Estimate a transfer function for measured data.

```load iddata1 z1; sys = tfest(z1,3); ```

`sys`, an `idtf` model, is a continuous-time transfer function model.

Create an option set to specify the initial condition handling.

```opt = compareOptions('InitialCondition','e'); ```

Compare the estimated transfer function model's output to the measured data using the comparison option set.

```compare(z1,sys,opt); ```

To change display options in the plot, right-click the plot to access the context menu. For example, to view the confidence region for the simulated response, select ConfidenceRegion from the context menu. To specify number of standard deviations to plot, double-click the plot and open the Property Editor dialog box. In the dialog box, in the Options tab, specify the number of standard deviations in Confidence Region for Identified Models. The default value is `1` standard deviation.

## Tips

• Right-clicking the plot opens the context menu, where you can access the following options:

• Systems — Select systems to view simulated or predicted response. By default, the response of all systems is plotted.

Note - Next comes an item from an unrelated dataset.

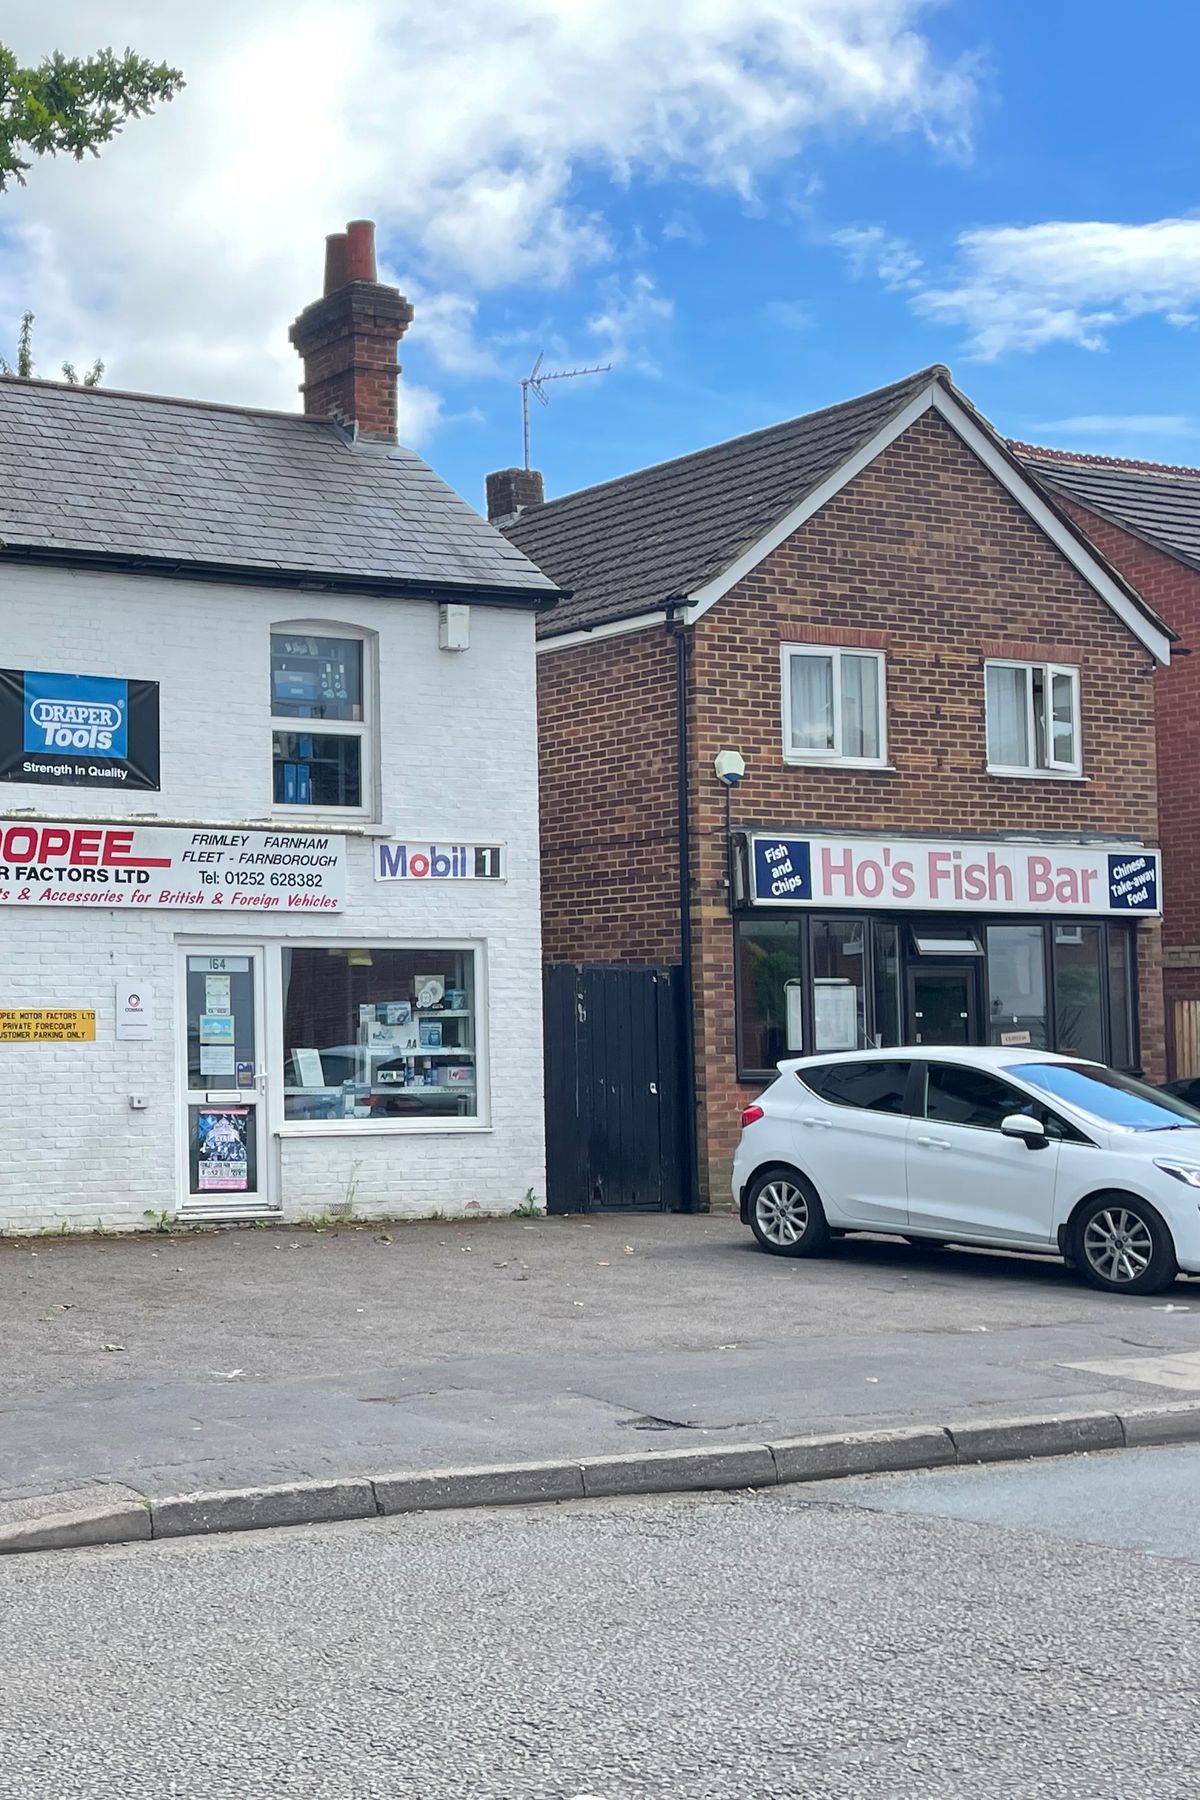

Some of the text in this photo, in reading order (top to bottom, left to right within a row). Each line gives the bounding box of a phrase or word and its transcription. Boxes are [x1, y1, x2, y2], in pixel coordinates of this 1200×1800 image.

• Data Experiment — For multi-experiment data only. Toggle between data from different experiments.

• Characteristics — View the following data characteristics:

• Peak Value — View peak value of the data. Not applicable for frequency-response data.

• Peak Response — View peak response of the data. Applicable for frequency-response data only.

• Mean Value — View mean value of the data. Not applicable for frequency-domain or frequency-response data.

• Confidence Region — View the confidence region for the simulated response. Applicable when the prediction horizon is `Inf`. To specify number of standard deviations for plotting the response confidence region, double-click the plot and open the Property Editor dialog box. Specify the number of standard deviations in the Options tab, in Confidence Region for Identified Models. The default value is `1` standard deviation.

• Show — For frequency-domain and frequency-response data only.

• Magnitude — View magnitude of frequency response of the system.

• Phase — View phase of frequency response of the system.

• Show Validation Data — Plot validation data. By default, the validation data is always plotted.

• I/O Grouping — For datasets containing more than one input or output channel. Select grouping of input and output channels on the plot.

• None — Plot input-output channels in their own separate axes.

• All — Group all input channels together and all output channels together.

• I/O Selector — For datasets containing more than one input or output channel. Select a subset of the input and output channels to plot. By default, all output channels are plotted.

• Grid — Add grids to the plot.

• Normalize — Normalize the y-scale of all data in the plot.

• Full View — Return to full view. By default, the plot is scaled to full view.

• Prediction Horizon — For time-domain data with noise-component only. Set the prediction horizon, or choose simulation.

• Initial Condition — Specify handling of initial conditions. Not applicable for frequency-response data.

Specify as one of the following:

• Estimate — Treat the initial conditions as estimation parameters.

• Zero — Set all initial conditions to zero.

• Absorb delays and estimate — Absorb nonzero delays into the model coefficients and treat the initial conditions as estimation parameters. Use this option for discrete-time models only.

• Model Response Plot — Plot the simulated or predicted model response. Be default, the response plot is always shown.

• Error Plot — Plot the error between the model response and validation data.

• Properties — Open the Property Editor dialog box to customize plot attributes.